Sadly, many of our candidates, as well as the vast majority of the general public, don’t realize the true nature of what is at stake when irresponsible comments like this are made towards Terri and all of the vulnerable persons she represents, let alone the larger issue.

Dr. Carson seems to have realized this in attempting to walk back his controversial comments in an email to LifeNews.com: “I regret that my recent comments about Terri Schiavo have been taken out of context and misinterpreted. … When the patient is not terminal, as Terri Schiavo was not, the treatment plan should be determined on the basis of the consensus between the family and the healthcare providers.”

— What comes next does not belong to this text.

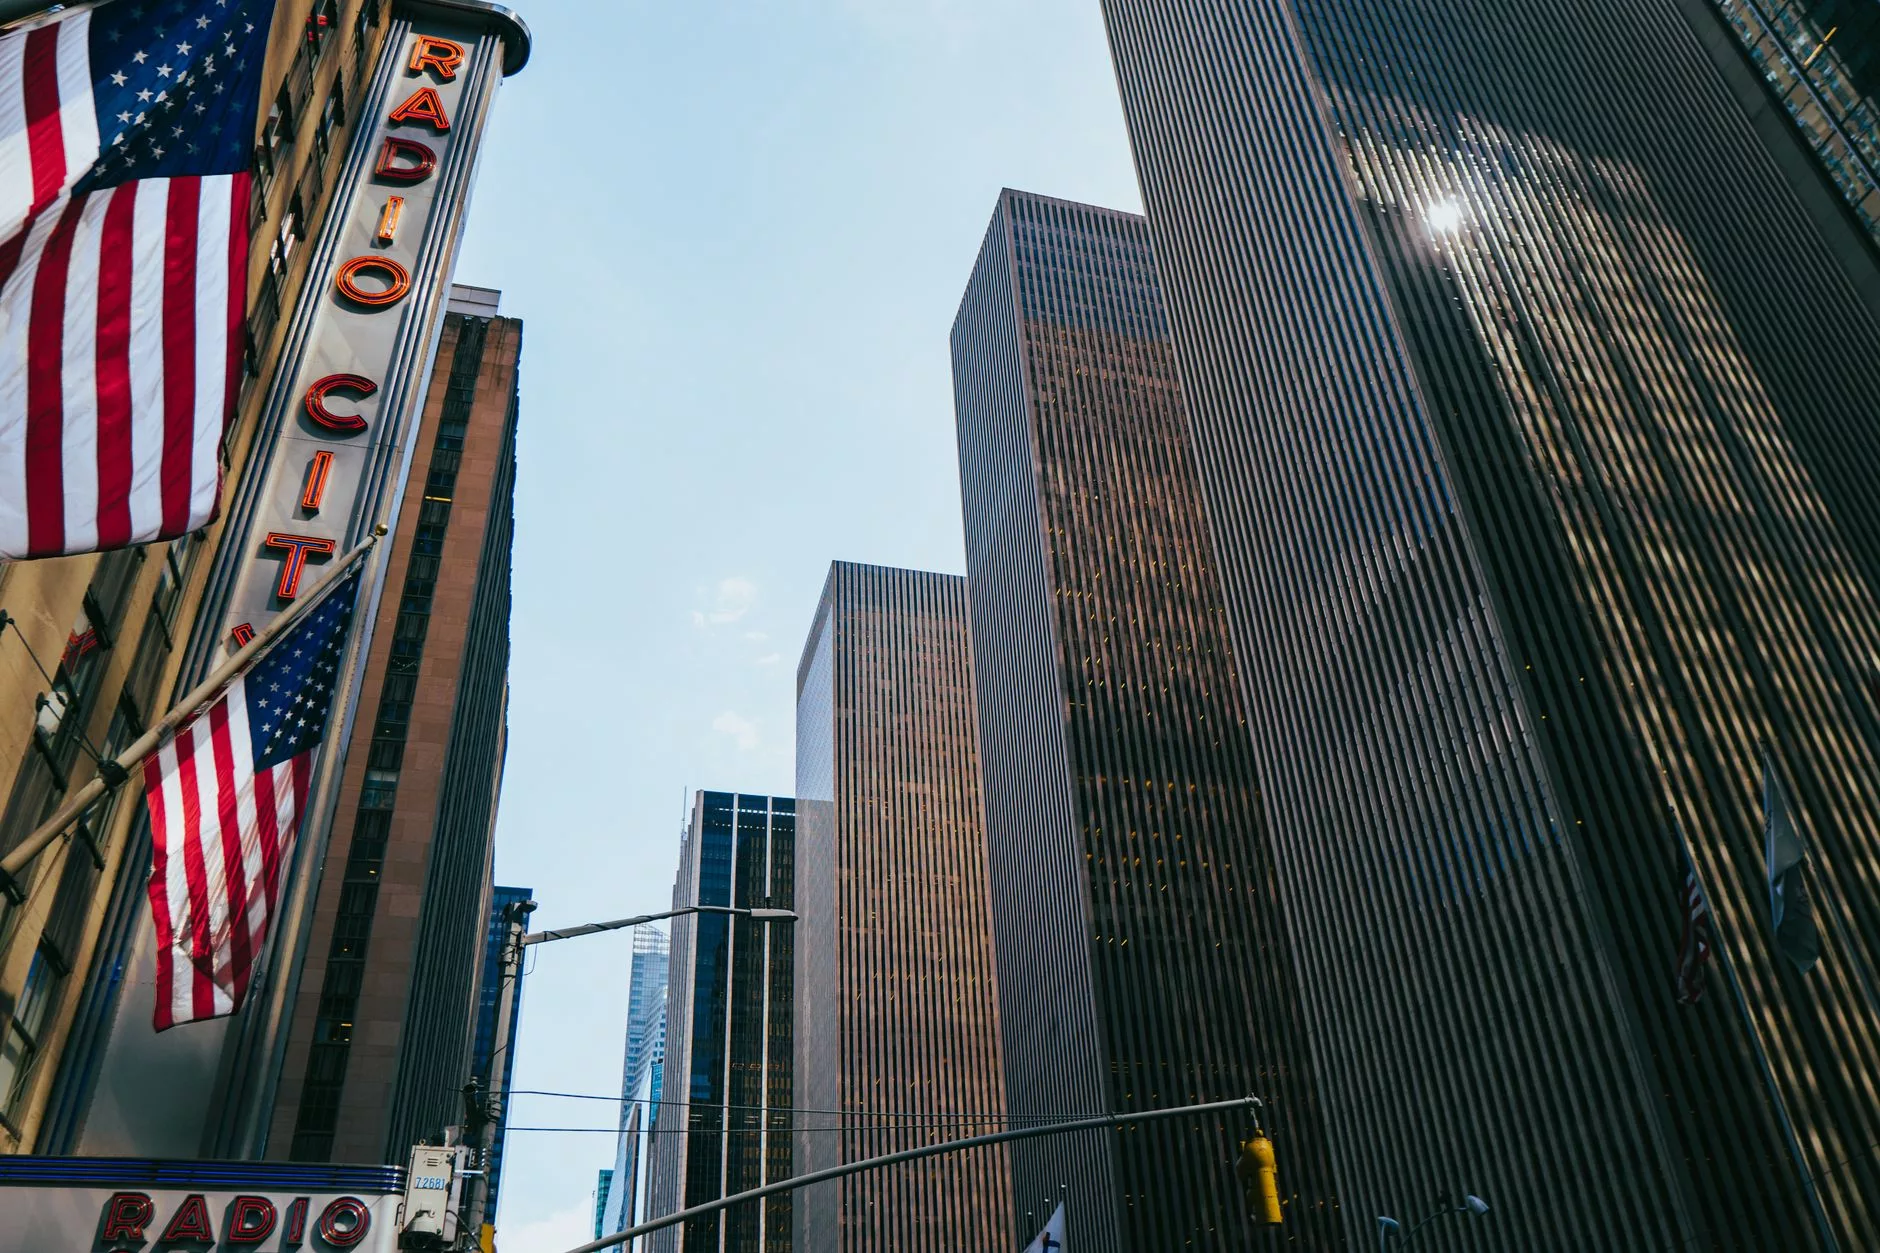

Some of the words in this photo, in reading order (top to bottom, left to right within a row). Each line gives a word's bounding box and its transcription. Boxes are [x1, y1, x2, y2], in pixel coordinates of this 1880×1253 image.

I have deep respect for the accomplishments and commitment Dr. Carson has shown for life.  But our family remains deeply troubled that in seeking to clarifying his remarks, he has not unequivocally condemned what happened to my sister. In fact, his suggestion that simple “consensus” among family members and healthcare providers could justify what happened to my sister is problematic. If I had agreed with Michael Schiavo to starve and dehydrate my sister to death, would that have made it right?

Contrary to what the general public believes, Terri’s situation was not about someone’s “right to die,” nor was it an “end-of-life” issue as was so often reported. Terri was a healthy young woman with a brain injury. She was not dying, she did not suffer from any “killer” disease. She was neither on machines nor “brain dead”. To the contrary, Terri was alert and interacted with her friends and family, before Michael Schiavo subsequently abandoned his wedding vows, warehousing Terri in nursing homes, eventually petitioning the court for permission to deliberately starve and dehydrate his wife to death.

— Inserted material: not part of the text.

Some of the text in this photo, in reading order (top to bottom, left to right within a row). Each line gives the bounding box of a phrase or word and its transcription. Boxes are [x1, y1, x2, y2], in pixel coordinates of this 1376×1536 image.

My sister’s case was arguably one of the most egregious violations of an American citizen’s basic human rights in our nation’s history. The way it stands now, heinous criminals on death row and domesticated animals—and often wild animals—have more protection and are treated with more dignity than people like Terri. Congress saw this and intervened to protect her.

But the bigger picture is that Dr. Carson’s comments play into the hands of all those who believe human life has become an economic issue. As both a Christian and a world-renowned neurological surgeon, Dr. Carson should clearly voice support for Congress and what their efforts represented. Indeed, a deadly mentality has infiltrated our current curriculum taught in our medical schools, responsible in part for the breakdown of our health care system, and the growing assisted suicide movement. Not to mention the propaganda spewing from many in our mainstream media. Every word takes its toll.

Consequently, families have to fight, just as our family did for Terri, to get their loved ones the proper care and treatment they require. My fear is that Dr. Carson’s comments will be used to validate an already influential movement that works tirelessly to make it easier to eliminate brain injured persons from our health care system.

Without life, all other rights are meaningless. We cannot compromise on this issue, especially when it comes to the man or woman we elect to the presidency. We must have elected representatives who will fight for the dignity and value of all persons.

I welcome the opportunity to speak with Dr. Carson to share with him some of the thousands of stories of the marginalized brain injured and medically vulnerable that the Terri Schiavo Life & Hope Network assists.